Jim Reppond: You bet Jim, good to see you.

Trevor Bennett: Thanks Jim.

Jim Marks: Jim, I will start with you. We have invested some time two weeks ago in our first time Home Buyers Podcast, speaking about the financing challenges in the Real Estate Market. Have we seen a significant change in the last two weeks?

Jim Reppond: Well, yes Jim, we have. Actually just yesterday when the Fed dropped their discount rate by half a point and that was a big shot in the arm for the market, that's doubled what most of the economist thought was going to happen. So, while it's still too early to tell how that's going to affect overall mortgage rates, there is a general thought that they will slowly drift down as a result of that, and there is at least one or two more meetings before the end of the year, so other things could happen as well.

Keep in mind, whenever the Fed does something like this, it typically takes four to six months for it to all work itself through the market. Trevor knows more about this than me, but I know it's more directly affected to the bond market, which firms started moving out of bonds into stocks right away, and actually there was even a slight uptake in interest rates, but no one expects that to hold and if anything it should drift down lower than what it was. Be very helpful to the people who have those home equity lines of credit or adjustable rate mortgages, give them a little relief, which should ease and open up a little liquidity in the market.

So, all of this is good news for the mortgage industry and of course the real estate industry in general. We expect buyers to get excited. There have already been some surveys out that said that now buyers are more likely to purchase a home now that the Fed has cut rate than they were there before that.

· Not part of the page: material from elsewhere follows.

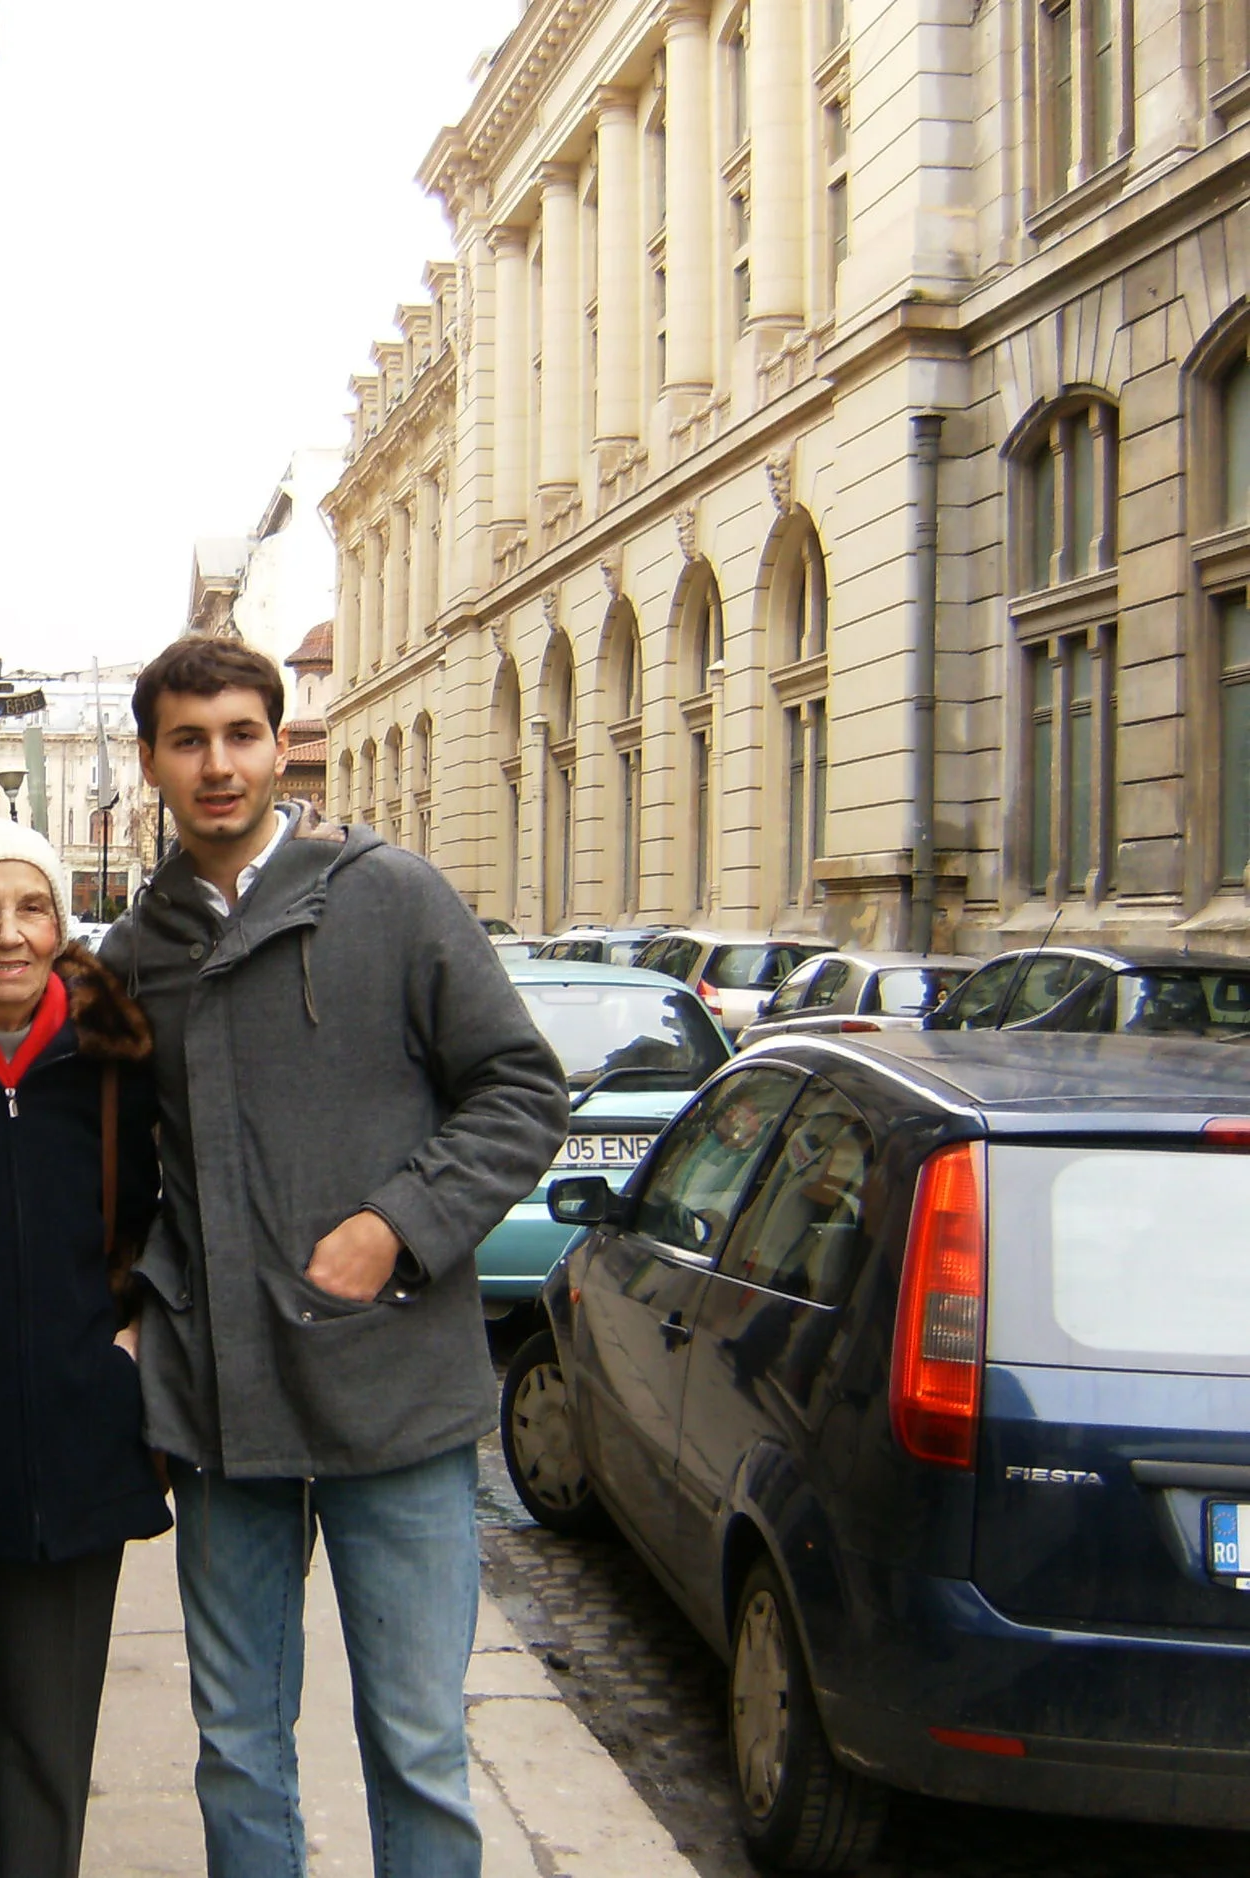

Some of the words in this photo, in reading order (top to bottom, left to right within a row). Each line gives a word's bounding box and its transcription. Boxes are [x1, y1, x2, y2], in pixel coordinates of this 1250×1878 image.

[566, 1137, 595, 1160] 05
[1006, 1466, 1105, 1485] FIESTA
[1214, 1542, 1237, 1563] RO

So, again back to a market where — it's a seller's market, where you see buyers jumping in and it becomes more competitive again, maybe appreciation continues to happen. Seattle has been fortunate in that arena anyway versus the rest of the nation in that we still have appreciation and growth in this area while other areas are seeing actually depreciation of homes, and some of them dramatically in markets that had over appreciated in the last few years. Seattle again is not one of those, so that's all good news.

Jim Marks: Trevor, one of the things we're hearing a lot right now is the difference between conforming and non-conforming loans. Perhaps you can shed some light on what the difference is, and let's talk a little bit about today's buyers and their current financing options.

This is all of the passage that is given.